● **EXERCISE DESCRIPTION**:
Reproduce the records below exactly; no pictures.

● **EXERCISE INPUTS**:
○ ○ ○ ○ ○ ○ ○
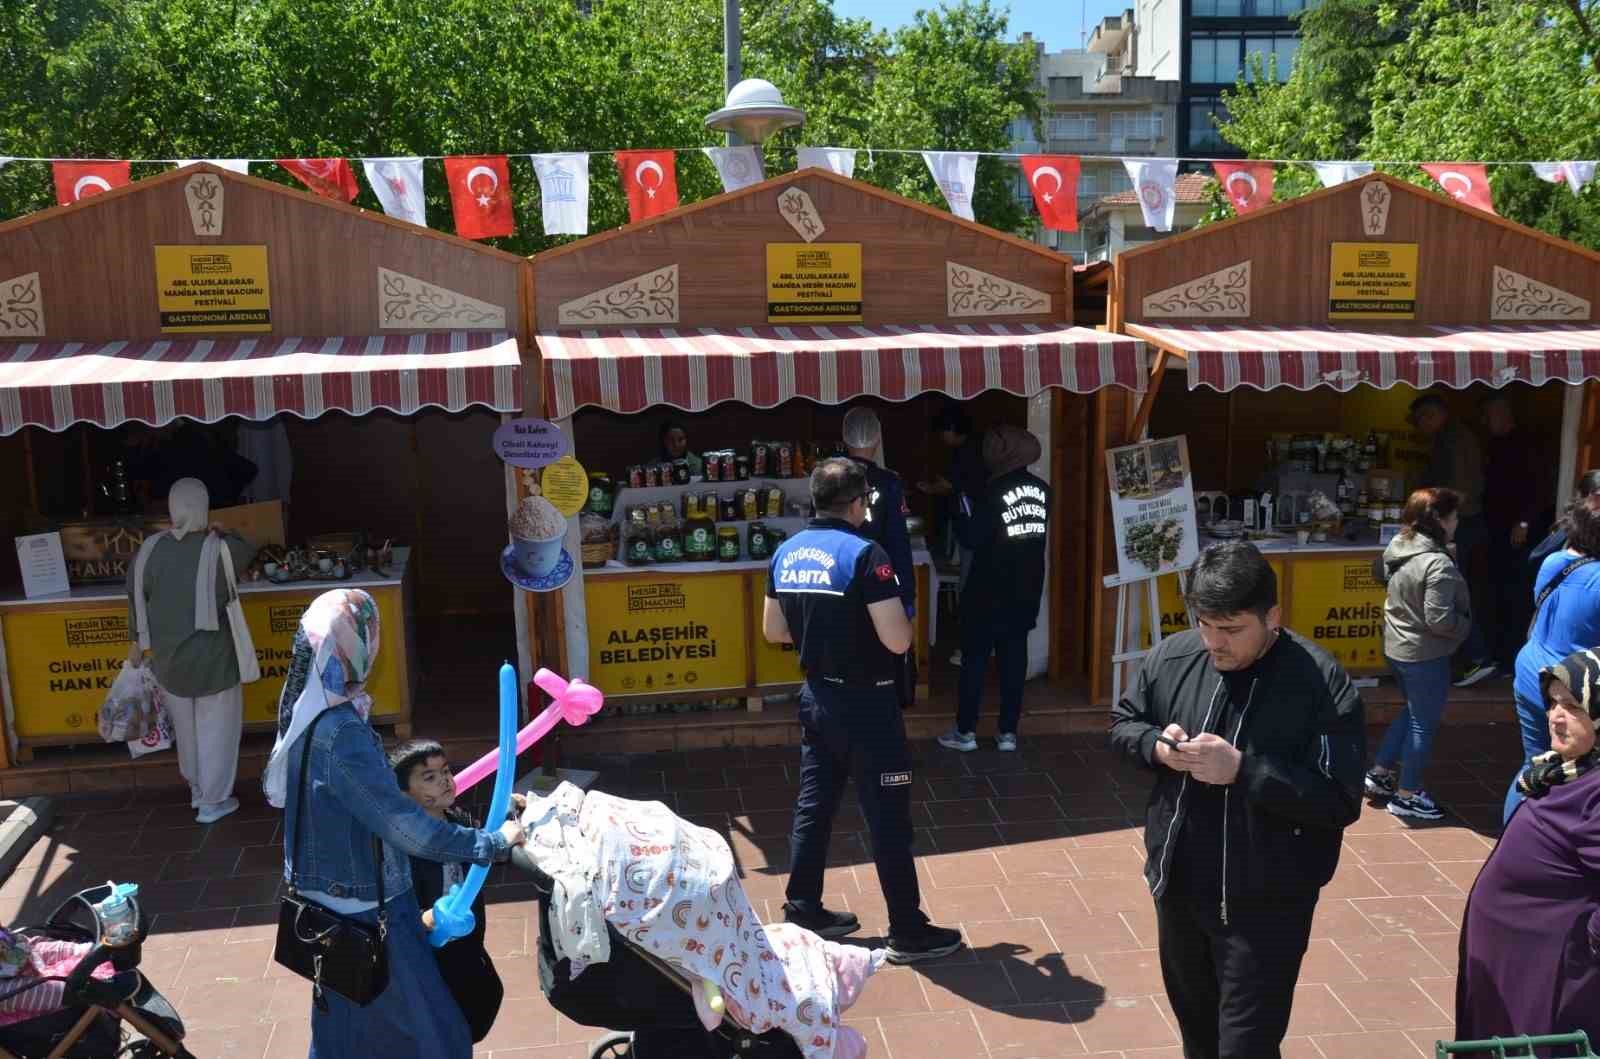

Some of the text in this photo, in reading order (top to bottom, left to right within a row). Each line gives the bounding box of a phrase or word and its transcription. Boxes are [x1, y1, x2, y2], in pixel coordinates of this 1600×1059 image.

[191, 278, 254, 286] ULUSLARARASI
[164, 287, 263, 297] MANİSA MESİR MACUNU
[194, 296, 236, 306] FESTİVALİ
[168, 312, 266, 323] GASTRONOMİ ARENASI
[783, 545, 835, 570] BÜYÜKŞEHİR
[781, 569, 832, 585] ZABITA
[1326, 602, 1384, 621] AKHİS
[607, 621, 709, 645] ALAŞEHİR
[600, 640, 717, 664] BELEDİYESİ
[49, 658, 101, 674] Cilveli
[49, 677, 92, 692] HAN
[884, 774, 909, 784] ZABITA
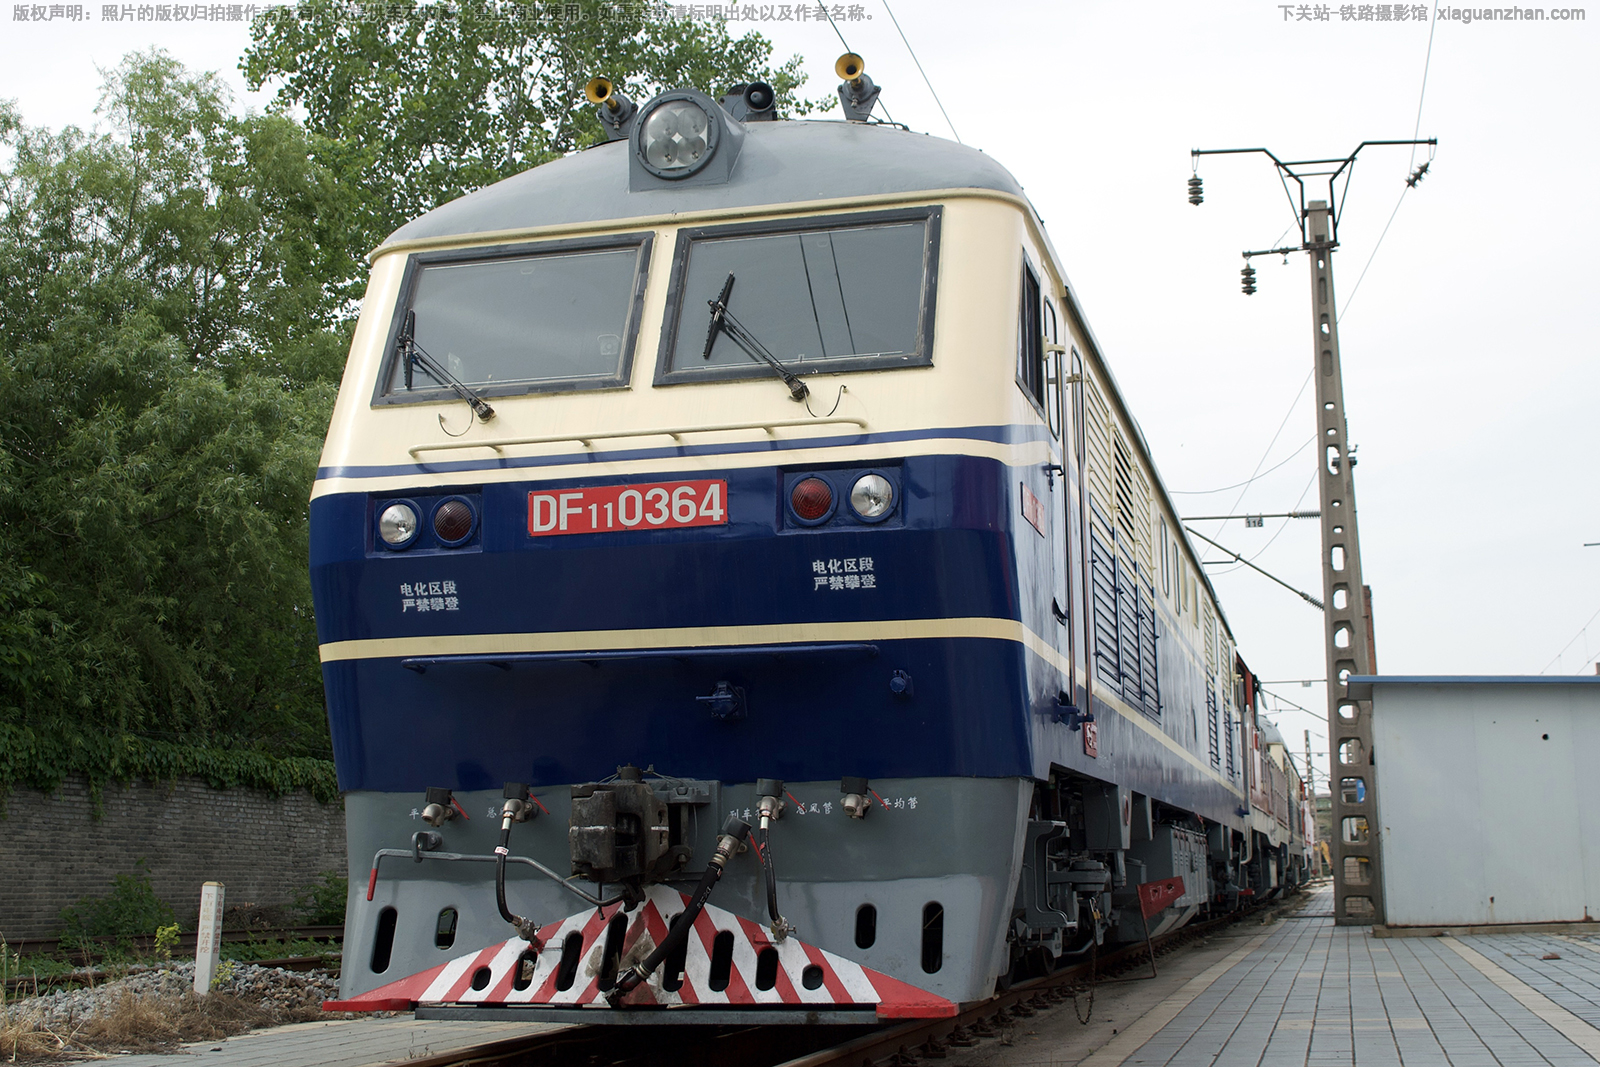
○ ○ ○ ○ ○ ○ ○
● **WORKED SOLUTION**:
Some of the text in this photo, in reading order (top to bottom, left to right within a row). Each line gives the bounding box of a phrase or word and its transcription. Boxes are [x1, y1, x2, y2], in pixel coordinates of this 1600×1059 image.

[191, 278, 254, 286] ULUSLARARASI
[164, 287, 263, 297] MANİSA MESİR MACUNU
[194, 296, 236, 306] FESTİVALİ
[168, 312, 266, 323] GASTRONOMİ ARENASI
[783, 545, 835, 570] BÜYÜKŞEHİR
[781, 569, 832, 585] ZABITA
[1326, 602, 1384, 621] AKHİS
[607, 621, 709, 645] ALAŞEHİR
[600, 640, 717, 664] BELEDİYESİ
[49, 658, 101, 674] Cilveli
[49, 677, 92, 692] HAN
[884, 774, 909, 784] ZABITA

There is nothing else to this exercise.